Video compression with low complexity CNN-based spatial resolution adaptation
This addresses the problem of computational efficiency in video compression for applications requiring low-complexity decoding, though it is incremental as it builds on existing spatial resolution adaptation methods.
The paper tackles the high decoder complexity in CNN-based video compression by proposing a framework that shifts complexity to the encoder, using a CNN for down-sampling and a Lanczos3 filter for up-sampling, achieving over 10% bitrate savings and reduced computational complexity (29% at encoder, 10% at decoder) compared to HEVC HM.
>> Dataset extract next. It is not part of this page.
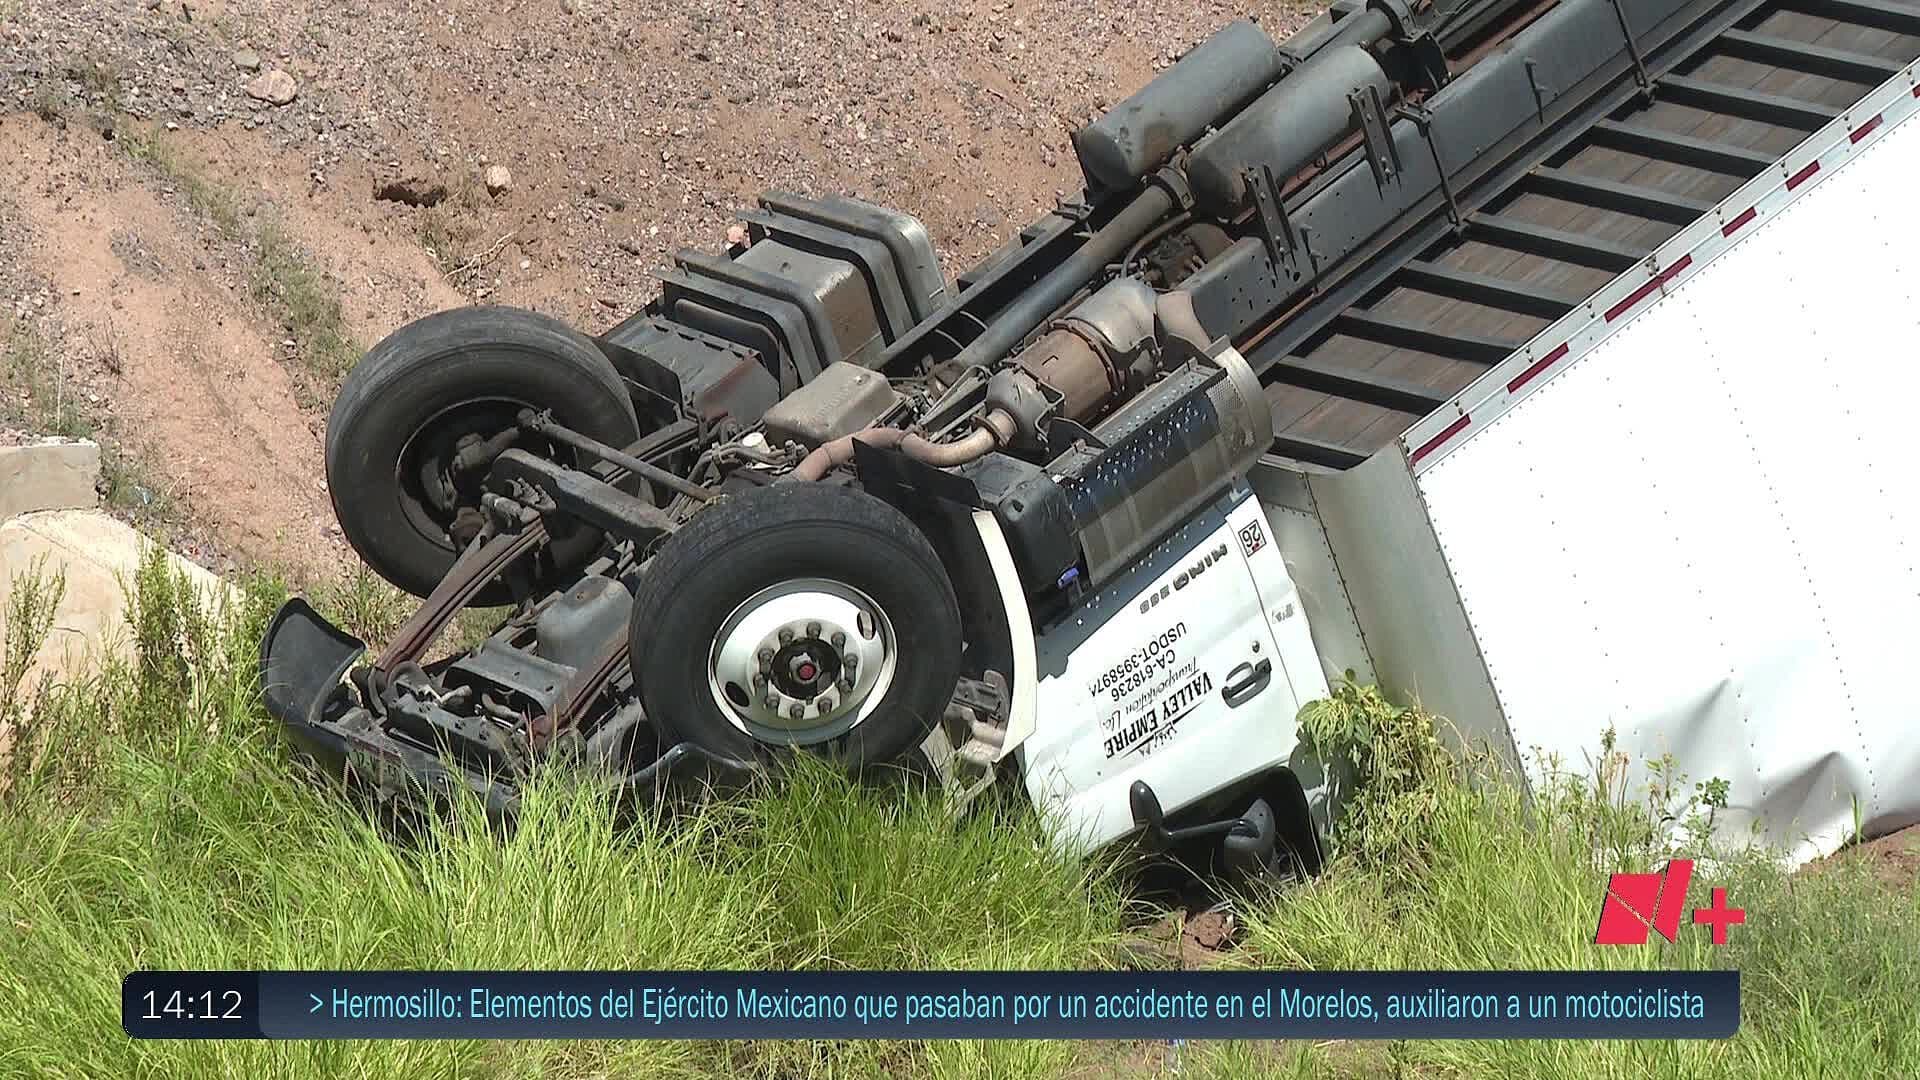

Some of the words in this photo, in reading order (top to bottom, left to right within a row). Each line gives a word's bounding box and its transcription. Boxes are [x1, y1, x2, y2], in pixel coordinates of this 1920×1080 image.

It has recently been demonstrated that spatial resolution adaptation can be integrated within video compression to improve overall coding performance by spatially down-sampling before encoding and super-resolving at the decoder. Significant improvements have been reported when convolutional neural networks (CNNs) were used to perform the resolution up-sampling. However, this approach suffers from high complexity at the decoder due to the employment of CNN-based super-resolution. In this paper, a novel framework is proposed which supports the flexible allocation of complexity between the encoder and decoder. This approach employs a CNN model for video down-sampling at the encoder and uses a Lanczos3 filter to reconstruct full resolution at the decoder. The proposed method was integrated into the HEVC HM 16.20 software and evaluated on JVET UHD test sequences using the All Intra configuration. The experimental results demonstrate the potential of the proposed approach, with significant bitrate savings (more than 10%) over the original HEVC HM, coupled with reduced computational complexity at both encoder (29%) and decoder (10%).